Ramesh: Are we going to demo existing features of Turbulence?
Karun: Certainly not, we will show how to Pause a process say ssh in diego cell. That will be first demo tonight.
Karun: Before we jump into our next demo or talk about App Chaos Engineering, can we talk a bit about Ops world?
Ramesh: Sure…
Next slide…
Karun: Hey Ramesh what do we hear from our customers in day to day ops?
Ramesh: Of course, we are a service team. So when stuff doesn’t work, the first thing you hear is “It’s those platform guys” and if when it’s not us the next thing you hear “It’s the network team”.
Let’s talk about few examples.
Karun: My app isn’t picking latest configuration…
Ramesh: When Bad Karma hits you back, not much anyone could do, even apps doesn’t listen to you.
Karun : My app isn’t connecting to Cassandra cluster
Ramesh : why would it? When the cluster was decommissioned 2 weeks ago !
Karun: oh wow!
Karun: My app works locally but not on PCF!
Ramesh: Well customer misbehavior, blocked them on PCF forever.
Karun: Oh that’s fair!
Karun: My app was working well till yesterday but not today! How about that?
Ramesh: Outstanding payments due!
But jokes apart folks, we like calling ourselves enablers. What I mean by that is, we built a platform for community to use. We onboard customer and we get out of the way, we trust our customers will do the right things within their app architecture. But that’s not always the case & our customers encounter problems which boils down to be an app architecture issue or a cloud anti-pattern. What we want to do now is be enablers & guardians, meaning provide a self-service mechanism with which you can find loopholes in your app/deployment. Question is how we can empower our Developers ?
Karun: Awesome. So here come CF App Blocker new CTK addon!
Ramesh: Do we really need CTK CF Blocker when you’ve Hystrix Circuit breaker?
Karun: yes, we still would need. Not all apps deployed are Spring apps. Hystrix Circuit breaker is the design pattern to make apps fault tolerant. However not all technologies have the implementation of this pattern we saw it in Java apps and python apps too, but we’ve apps using other than these 2 stacks. Also CF Blocker complements these design patterns, if an app is bound to hystrix circuit breaker, CTK CF blocker on the app can help with failure test cases …
Ramesh: Not sure I get that. Please explain more…
Karun : No matter how good we design, no matter if we follow 12-factor design patterns, in real world as in this case Weather service is dependent on 3rd party, which if goes down would result in Concert app’s failure thus eventually web app fails. Couple of questions to keep in mind:
How to verify app’s behavior if 3rd party goes offline?

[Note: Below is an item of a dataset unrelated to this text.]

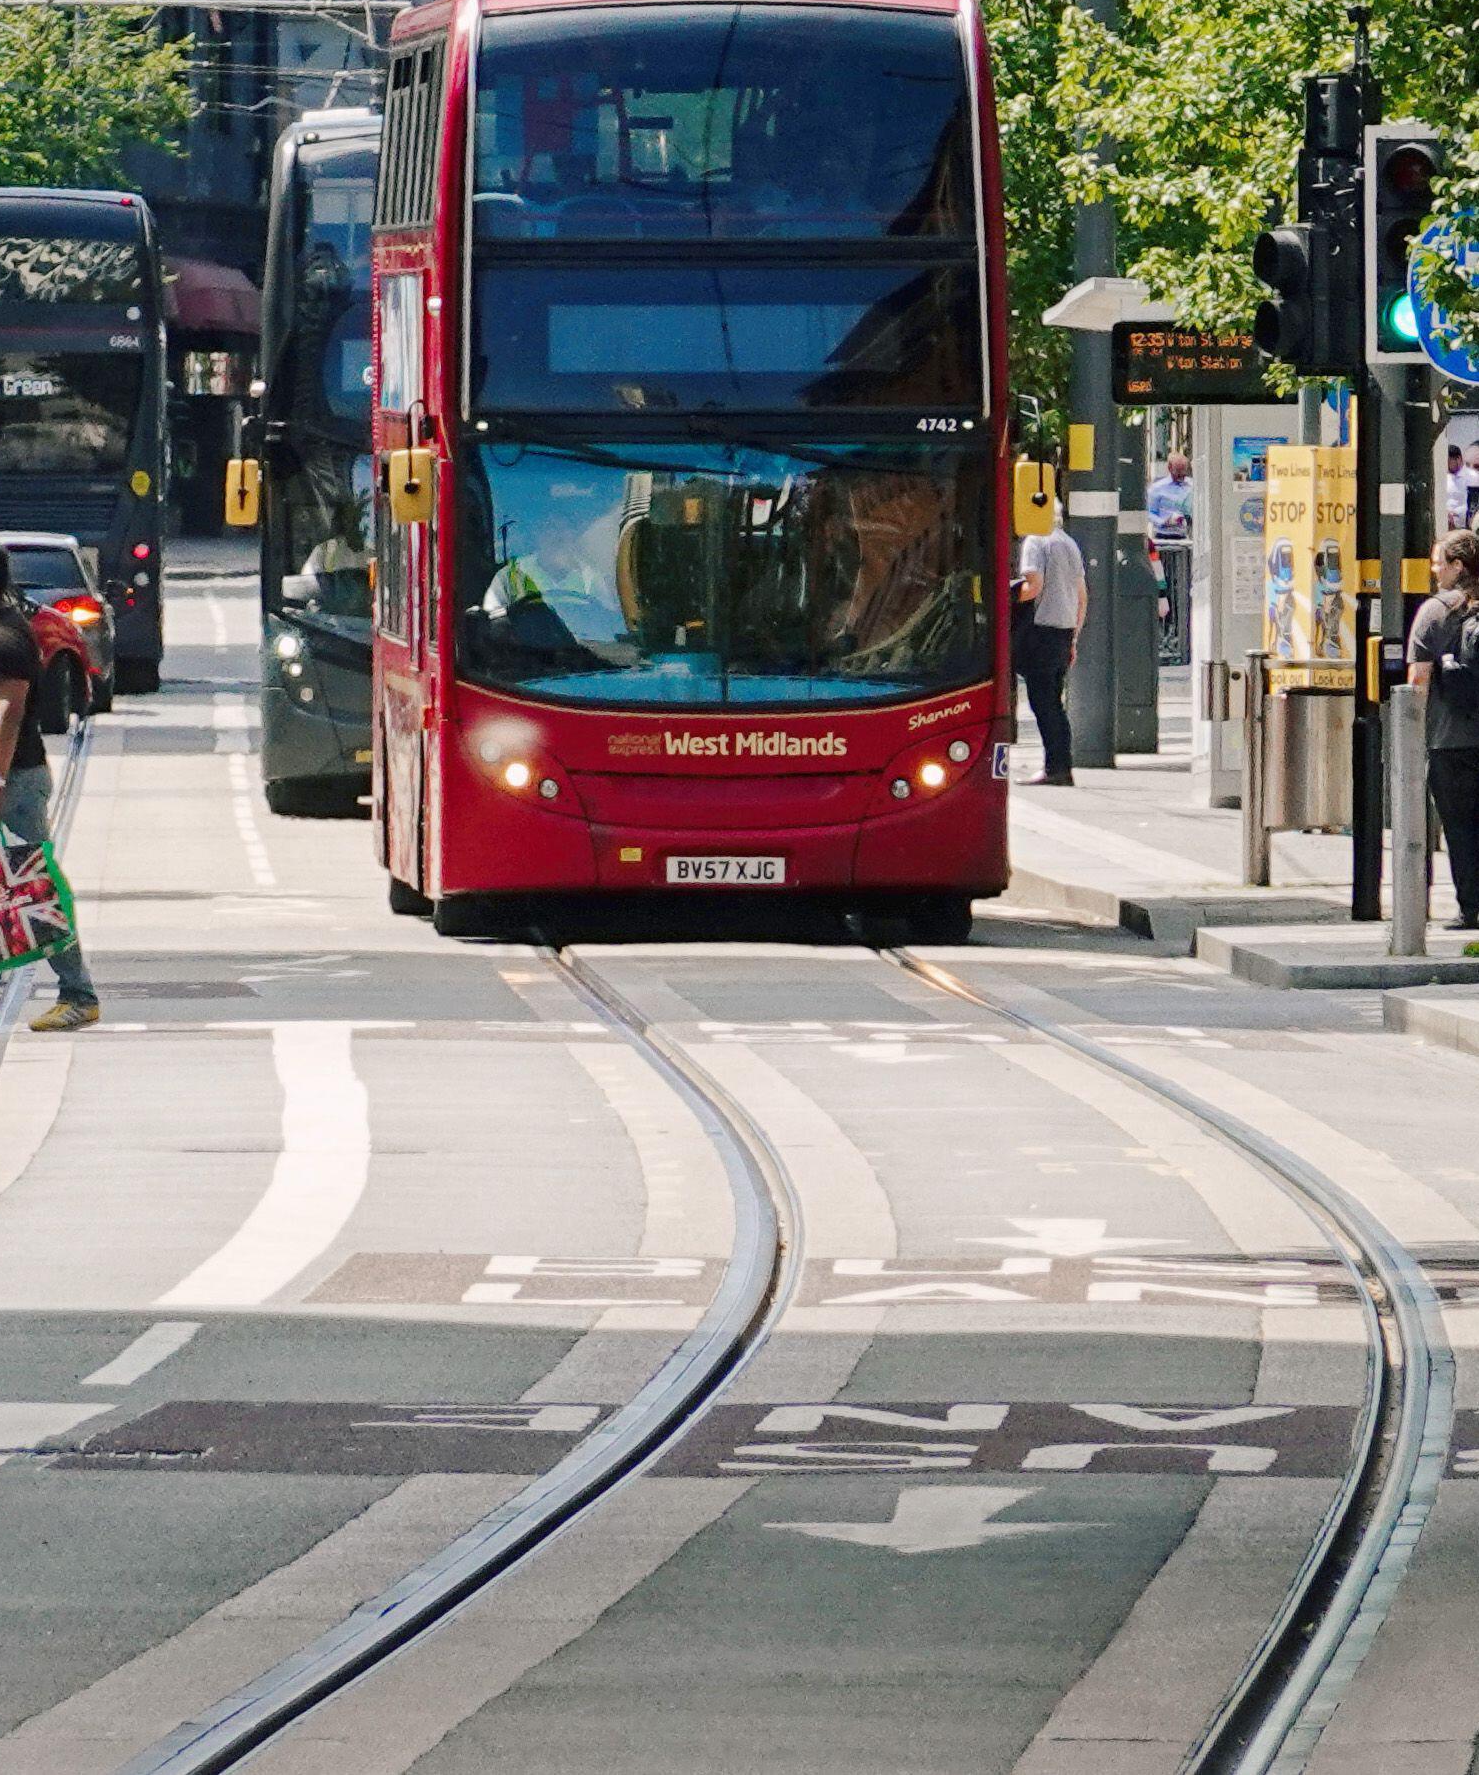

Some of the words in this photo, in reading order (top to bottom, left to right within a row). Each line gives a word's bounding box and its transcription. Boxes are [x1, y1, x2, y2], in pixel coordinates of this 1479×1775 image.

What if Concert database goes offline?
What if Weather microservice misbehaves?
Ramesh : Why can’t we use hystrix Circuit Breaker for Weather service?
Karun : Yes we can… and should in fact. Having something like cf blocker programmed to run interval of time, will simulate cascading failures seamlessly every interval of time and thus generates job for circuit breaker…

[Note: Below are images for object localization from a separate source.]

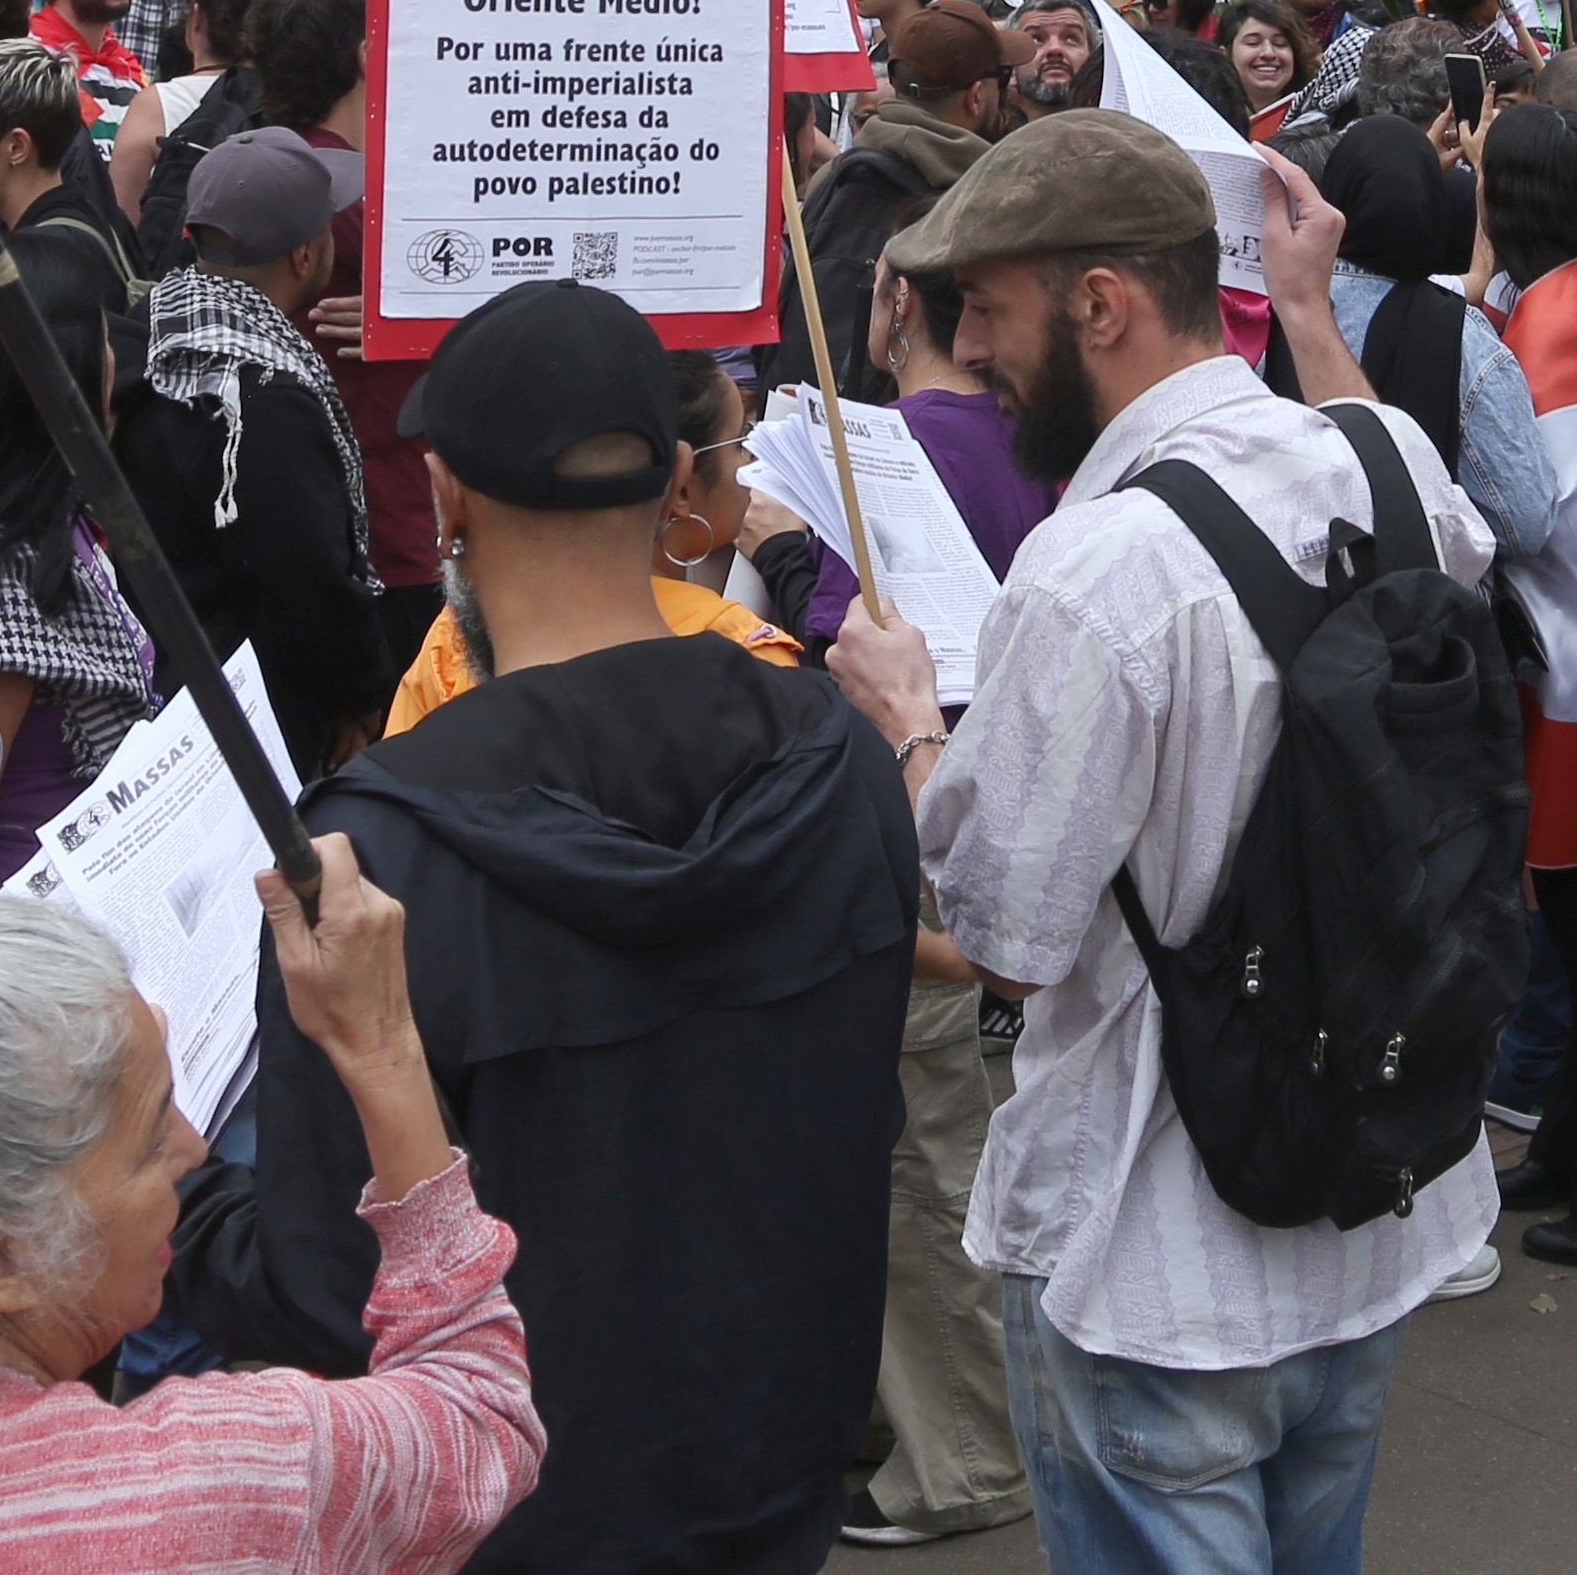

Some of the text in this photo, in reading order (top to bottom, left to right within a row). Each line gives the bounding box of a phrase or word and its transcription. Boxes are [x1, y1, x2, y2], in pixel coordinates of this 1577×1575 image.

[437, 36, 723, 62] Por uma frente única
[468, 70, 692, 102] anti-imperialista
[491, 105, 668, 128] em defesa da
[433, 137, 719, 169] autodeterminação do
[473, 171, 681, 203] povo palestino!
[492, 237, 553, 257] POR
[105, 734, 195, 815] MASSAS

Karun : Here is more accurate interaction of microservices / spring app behavior within PCF.
You can see Config server is dependent on GitRepo. & services dependent on spring cloud services that includes Service Registry and Circuit Breaker. In this both Weather and Concert are bound to SCS (internal services of PCF) and Message Broker & DBs external to services.

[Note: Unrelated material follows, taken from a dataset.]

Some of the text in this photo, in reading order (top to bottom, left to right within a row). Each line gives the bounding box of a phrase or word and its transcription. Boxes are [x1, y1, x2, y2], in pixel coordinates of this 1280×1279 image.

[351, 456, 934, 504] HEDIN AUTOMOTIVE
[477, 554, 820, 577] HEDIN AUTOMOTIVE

How to target specific bound services to the app
How to disable traffic to an app
How to block traffic from a service to backend database, but yet allow access from another service. Note the difference we are not killing database here, which may eventually impact other services, but we are only blocking traffic from app to database.
We do that via IP Table rules.
Ramesh : Do more OSS.
Ramesh : So what’s next ? Our high-level goals
Build confidence in our services by running gamedays (targeted failure attacks).
And yes, finally – we are big on contributions to the community. So we will continue to push our work outwards in to the OSS community.